What started out as a 2-acre garden has blossomed into a 25-acre community farm.  With funding, organizational development and planning support from Resourceful Communities, Conetoe Family Life Center has strengthened their operations, programs and services. Youth, ages 4 to 18, get homework help in the free afterschool and summer day camp programs, as well as the opportunity to plant, harvest, sell, and eat their own produce and honey. As Rev. Joyner recently told me, “The [farm] has brought life into this community. It has given me the opportunity to be part of letting our youth have a healthier childhood. It has been the greatest gift, and it has done it not only for me, but it has done it for this region.”

MikkiBlog 2Members of the Conetoe Family Life Center harvesting green beans in the field. Photo by Steve Orr.

Reverend Joyner remembers the first time the Conetoe volunteers drove their second-hand tractor onto the field, and the children “were so happy they thought we were having a parade.” And now, the economic and environmental benefits are clear. “The children love the land. They see the land reducing their food bills in half; they see the land growing food for medicine for their parents and them.” The land is not only a place that children can get an education; harvest sales and donations from supporters have yielded a $24,000 college scholarship fund. Rev. Joyner predicts that, “one of these children will [go away to school,] come back and take this place to another level.”

Reverend Joyner sees social justice benefits in the community members’ access to healthy food, the improved health and educational performance and, especially, the young people who have grown into leaders. The youth decided to start beekeeping, and asked Reverend Joyner to find a school bus that they could recycle into a beehive. He remembers, “The kids went online and researched and found out that bees pollinate and you get double the yield from crops, as well as other benefits. I flat out disagreed and said we aren’t getting bees. Forget it. It is dangerous enough, I don’t need any bees around here.”

Undeterred, the youth—who also serve on the CFLC Board—put it to a vote, where Rev. Joyner was surprised to be outvoted! “The kids look at me and smile now when I start bragging about the bees, and say, ‘We know you didn’t want those bees.’” Through their partnership with The Conservation Fund, CFLC was able to connect with another partner—Burt’s Bees’ Greater Good Foundation—that has since provided funding and donated beehive boxes to support the Conetoe pollination programs. The “bee bus” is now home to dozens of beehives that are protected from pesticides. The youth are now certified beekeepers. They sell their honey in grocery stores, farm stands, and a mobile market and plan to sell soon to area breweries.

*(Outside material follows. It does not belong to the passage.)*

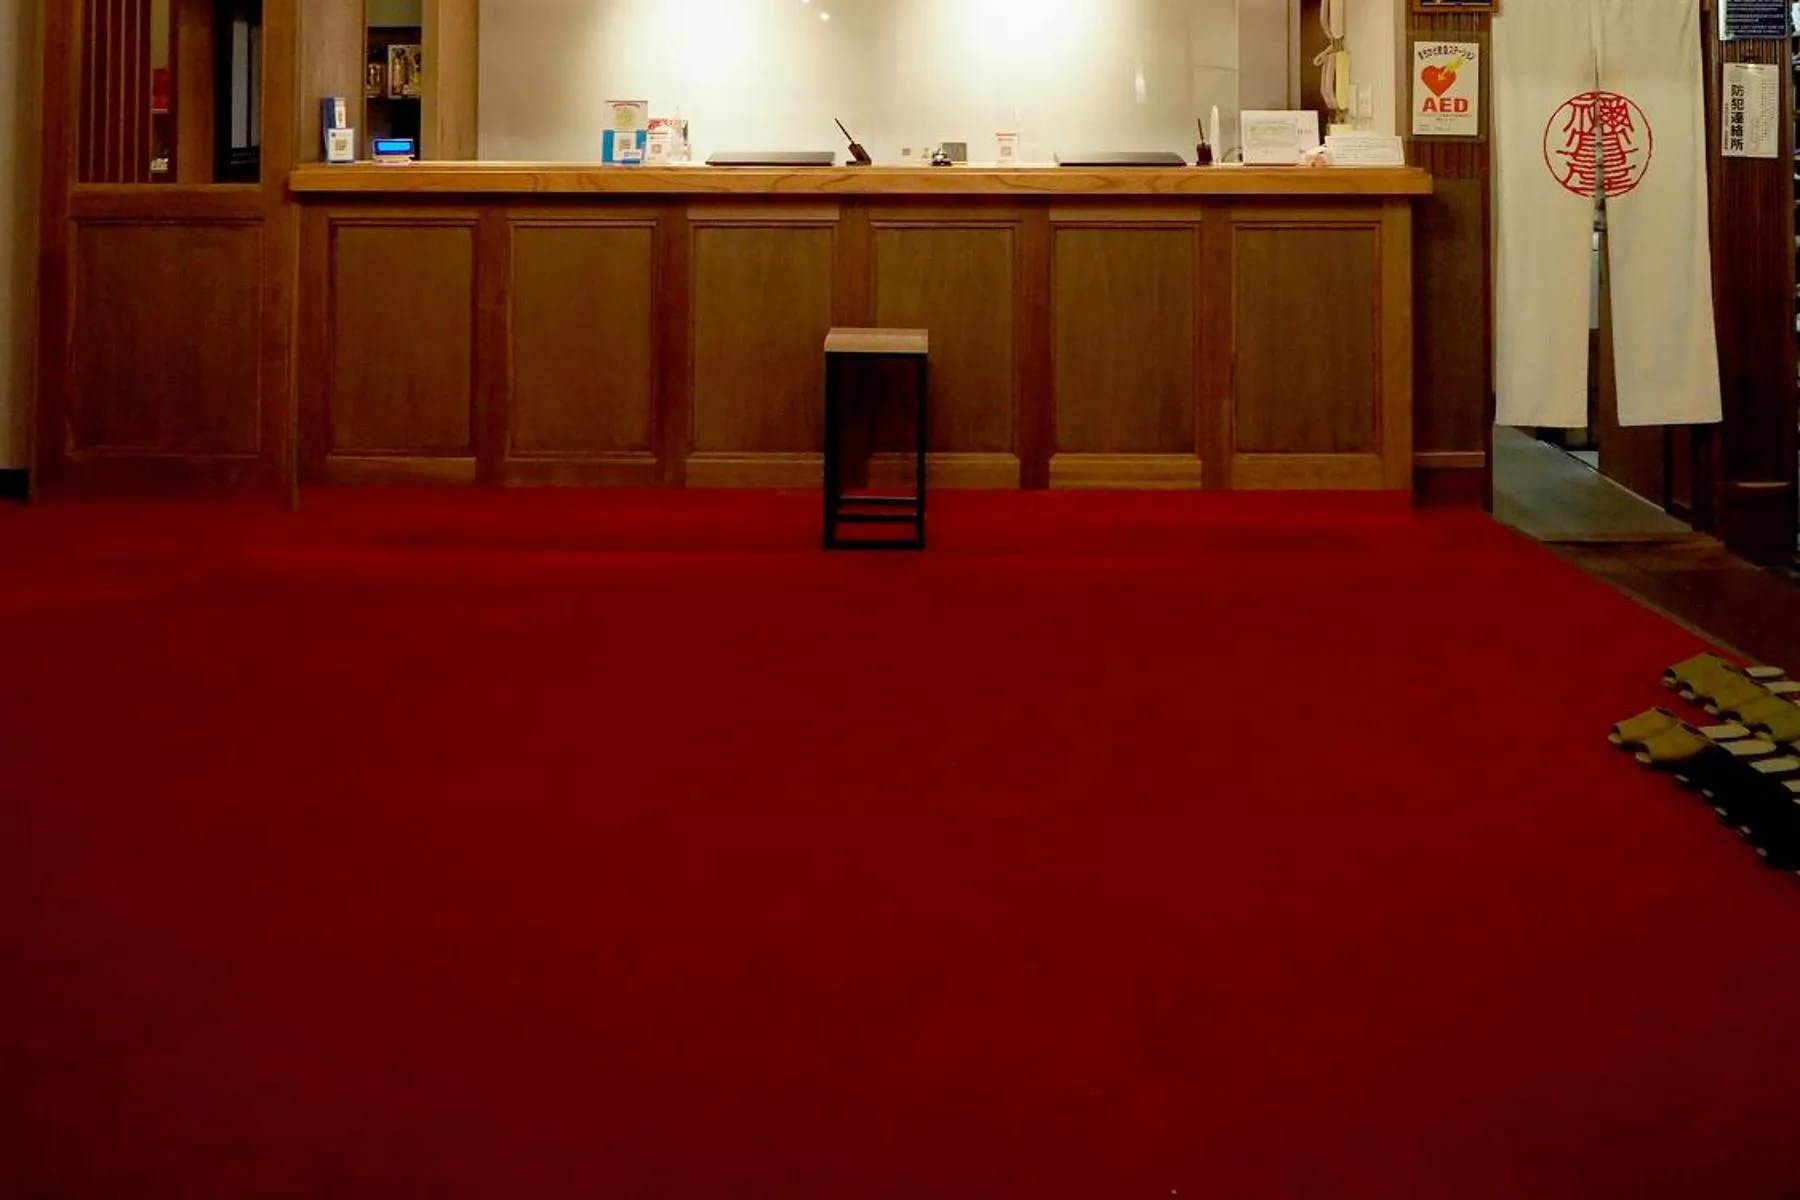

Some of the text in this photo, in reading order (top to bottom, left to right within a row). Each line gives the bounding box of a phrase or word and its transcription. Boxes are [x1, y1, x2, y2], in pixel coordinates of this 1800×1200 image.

[1422, 97, 1469, 113] AED
[1730, 84, 1745, 151] 防犯連絡所

MikkiBlog 3A repurposed school bus now houses the honeybees that help pollinate the fields at Conetoe. Photo by Robin Murphy.

While they may not refer to themselves as conservationists, the Conetoe youth are redefining conservation with their environmental leadership. “When they talk about not using pesticides around the bees, they’re very serious,” Joyner notes, “because they understand that if the pesticide gets on the bee, they’ll take it back to the hive and it will destroy the hive. They know about water runoff—pesticides on the land will get into the water system and impact not only them but people downstream. They use natural processes rather than manipulating the fields with artificial processes.”

MikkiBlog 4Youth beekeeper Tationa works with the honeybee hives on the bee bus. Photo courtesy of Conetoe Family Life Center. 

Currently, CFLC is working toward getting certified to sell their vegetables to the local school system, so all students have the same access to healthy foods. Rev. Joyner reminded me “our first priority is always to get fresh, local, healthy food on every table of every family in our community.” He is doing an amazing job of that, and we at the Fund are so proud to call him our partner and friend.